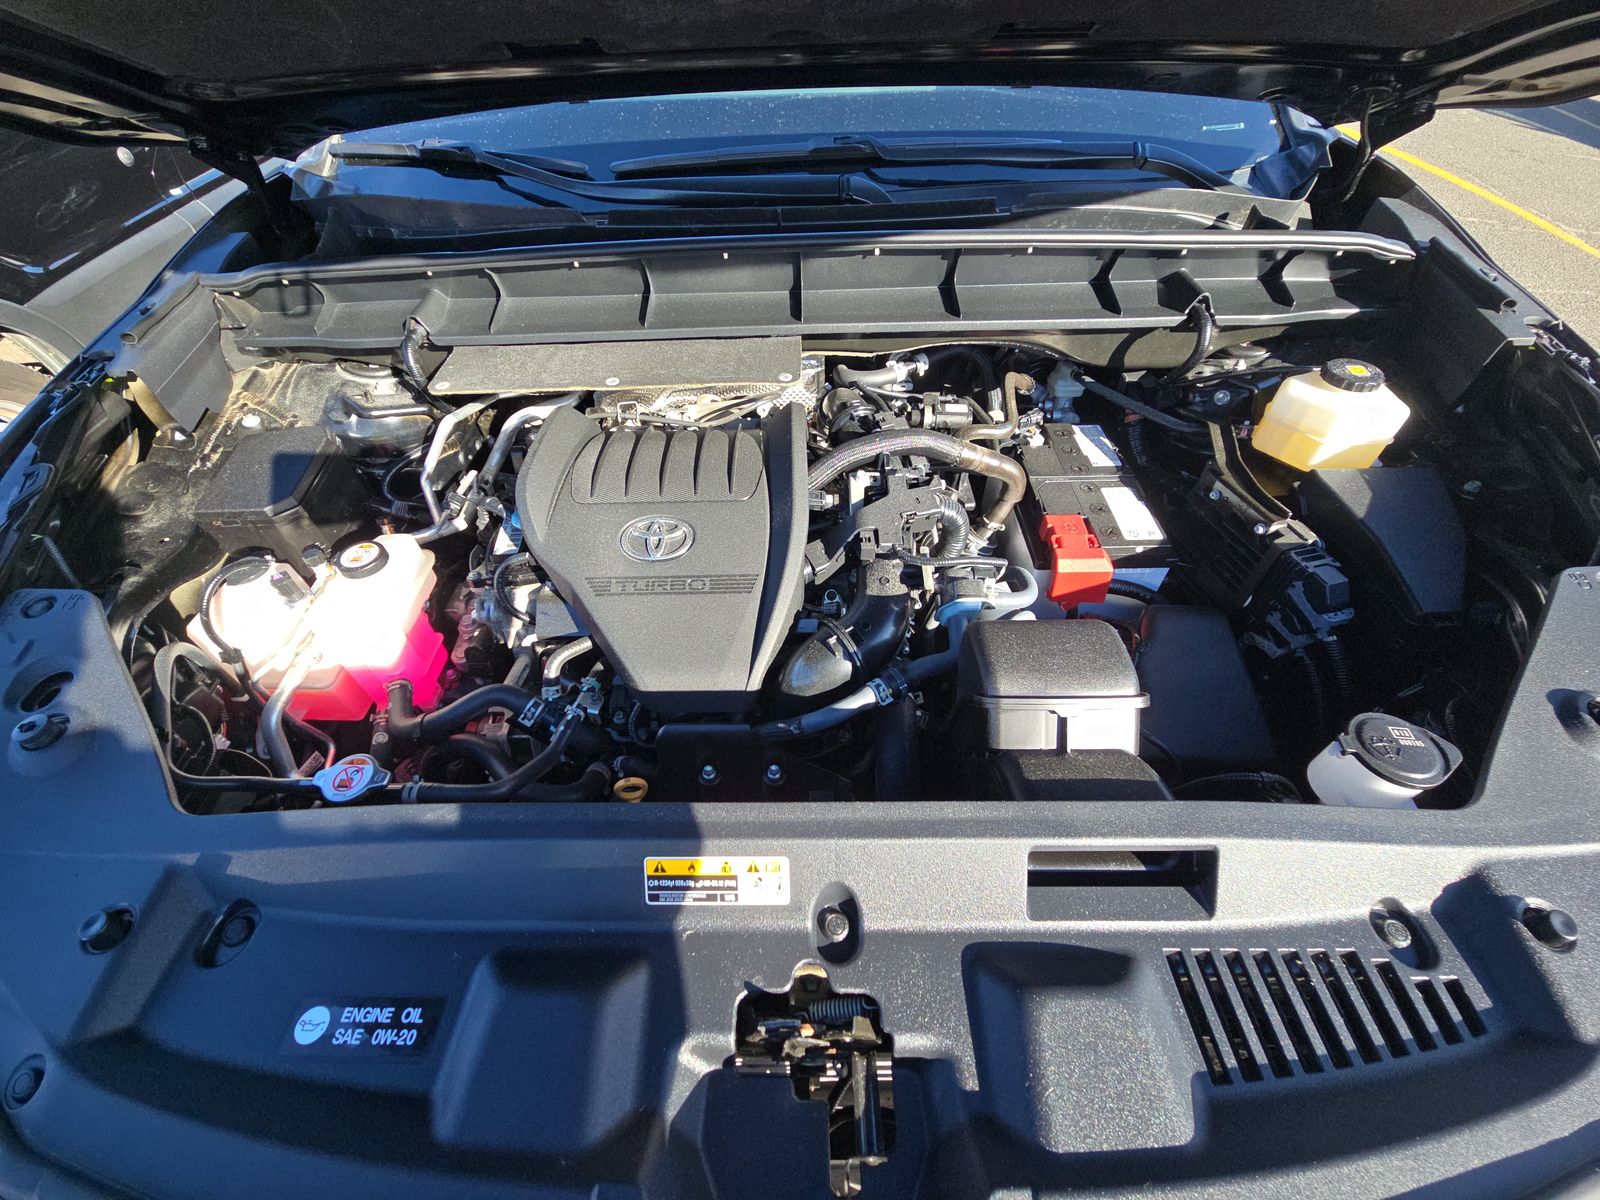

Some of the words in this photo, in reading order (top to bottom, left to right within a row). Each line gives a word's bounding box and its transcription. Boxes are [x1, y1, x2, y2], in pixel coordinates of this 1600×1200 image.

[615, 578, 707, 592] TURBO
[340, 1007, 395, 1023] ENGINE
[401, 1007, 424, 1024] OIL
[331, 1028, 365, 1045] SAE
[371, 1029, 418, 1046] 0W-20
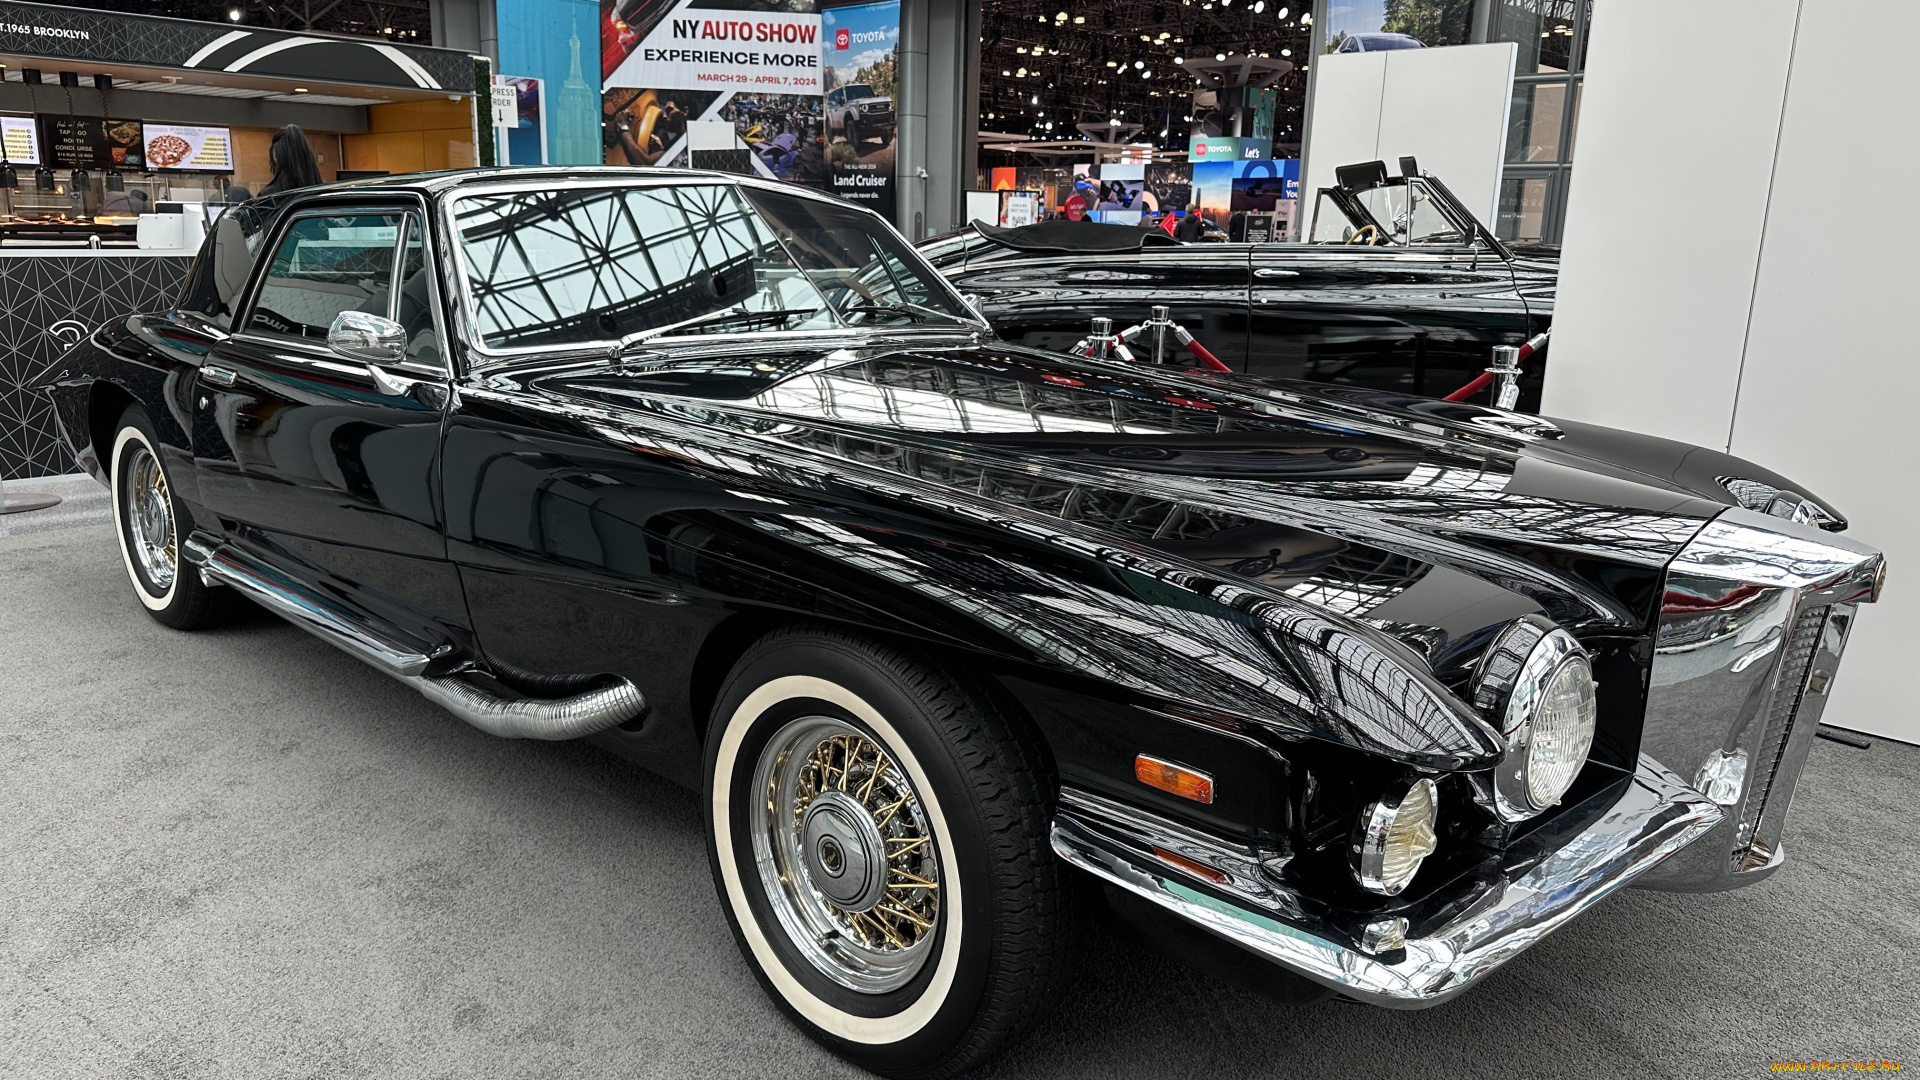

• • • •

• _EXERCISE BRIEF_
An exact copy of all the records is required, with the pictures omitted.

• _SOLUTION FOR THIS TASK_
Some of the words in this photo, in reading order (top to bottom, left to right within a row). Each line gives a word's bounding box and its transcription. Boxes are [x1, y1, x2, y2], in pixel coordinates of this 1600×1200 image.

[615, 578, 707, 592] TURBO
[340, 1007, 395, 1023] ENGINE
[401, 1007, 424, 1024] OIL
[331, 1028, 365, 1045] SAE
[371, 1029, 418, 1046] 0W-20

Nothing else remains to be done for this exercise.